4. What obligations do directors have in relation to ESG disclosure and/or reporting?
The management of a company must prepare for each financial year, a report reflecting a correct presentation of the development and performance of the company's activities and its position, as well as a description of the main risks and uncertainties it faces. To the extent necessary to understand the development, performance or position of the company, the report may include financial and, where appropriate, non-financial key performance indicators relevant to the specific activities, including information on environmental and personnel issues.

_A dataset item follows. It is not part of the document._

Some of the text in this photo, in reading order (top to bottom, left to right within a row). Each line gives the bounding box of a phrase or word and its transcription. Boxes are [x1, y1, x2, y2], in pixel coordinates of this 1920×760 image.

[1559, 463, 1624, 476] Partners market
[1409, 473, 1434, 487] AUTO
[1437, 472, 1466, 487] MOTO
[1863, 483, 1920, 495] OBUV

Following entry into force of Order no. 85/2024, the management of certain companies (mostly large entities) should comply with certain sustainability reporting requirements and should include in the Report, information required to understand the company's impact on various sustainability aspects (e.g. environmental factors, social and human rights factors and governance factors, including sustainability factors) and information required to understand how such sustainability aspects affect the entity’s development, performance and position. More specifically, such Report may contain, inter alia:
- a short summary of the company's business model and strategy (e.g. the resilience of the business model and strategy in relation to the risks related to sustainability aspects, the opportunities in relation to sustainability aspects, plans, including implementation actions and related financial and investment plans, to ensure that the business model and strategy are compatible with the transition to a sustainable economy),
- a description of the sustainability policies and strategies and how they have been implemented, together with a description of the objectives set in this regard,
- a description of the role of the administrative, management and supervisory bodies in relation to sustainability aspects, as well as their specialist knowledge and competences to fulfill such role or access to such knowledge and competences,
- details on the existence of incentive systems regarding sustainability aspects made available to members of administrative, management and supervisory bodies,
- a description of the main risks for the company related to sustainability issues, including a description of the company's main dependencies on such issues, as well as how the company manages those risks, etc.

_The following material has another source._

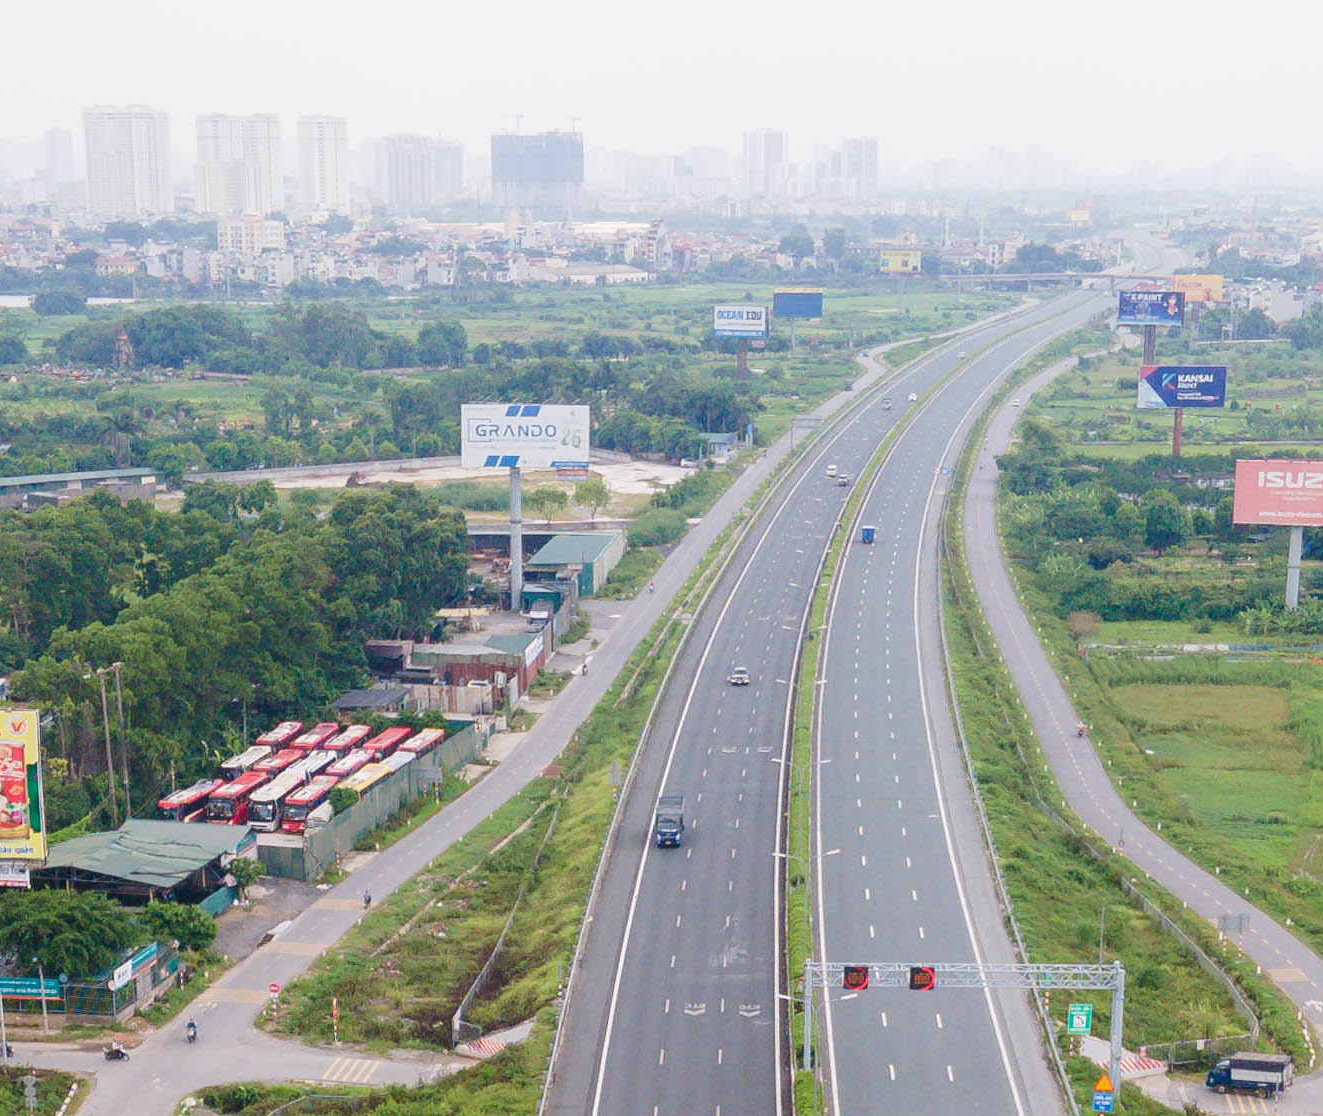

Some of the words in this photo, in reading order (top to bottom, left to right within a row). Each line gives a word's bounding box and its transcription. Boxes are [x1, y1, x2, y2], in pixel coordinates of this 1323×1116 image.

[716, 310, 744, 320] OCEAN
[746, 310, 763, 321] EDU
[1177, 374, 1214, 383] KANSAI
[475, 424, 557, 438] GRANDO

The management of the company will also have to involve the employees’ representatives and discuss with them the relevant information and the means of obtaining and verifying the information on sustainability.
Apart from the CSRD, the EU Sustainable Finance Disclosure Regulation (“SFDR”) came into effect, mandating greater transparency on sustainability-related disclosures for financial market participants and financial advisors. Directors are expected to ensure compliance with these regulations, including disclosing how sustainability risks are integrated into investment decision-making processes.
Furthermore, the EU has also passed the Shareholders’ Rights Directive II (2017/828/EU) (“SRD II”) on the encouragement of long-term shareholder engagement, which provides for the preparation of an ESG-oriented investment strategy and a policy of ESG-related commitments. The SRD II has also been implemented in Romania by several laws and regulations.
Directors duties and responsibilities
1. What form does the board of directors take?
Under Romanian Companies’ Law, the rules concerning the management of companies differ depending on the type of company under discussion. This guide will focus on the rules concerning directors of joint stock companies (“Societate pe actiuni” or S.A.) and to limited liability companies (“Societate cu raspundere limitata” or S.R.L.), as these are the most common types of company in Romania. The guide does not address the rules relating to other forms of companies.
Romanian joint stock companies can opt for a one-tier management structure (which is generally more common) or a two-tier system. The one-tier system consists of a single director, or a board of directors whose number must always be odd. Joint stock companies subject to mandatory auditing requirements must have at least three directors.
The two-tier system in a joint stock company consists of a management board and a separate supervisory board:
- the management board, which is also the executive body, carries out the management of the company on a day-to-day basis and represents the company in relation to third parties and in front of official bodies, and
- the supervisory board mainly supervises the company’s activities, including those of the management board, and appoints members of the management board.
Members of the supervisory board may not simultaneously be members of the management board or employees of the company.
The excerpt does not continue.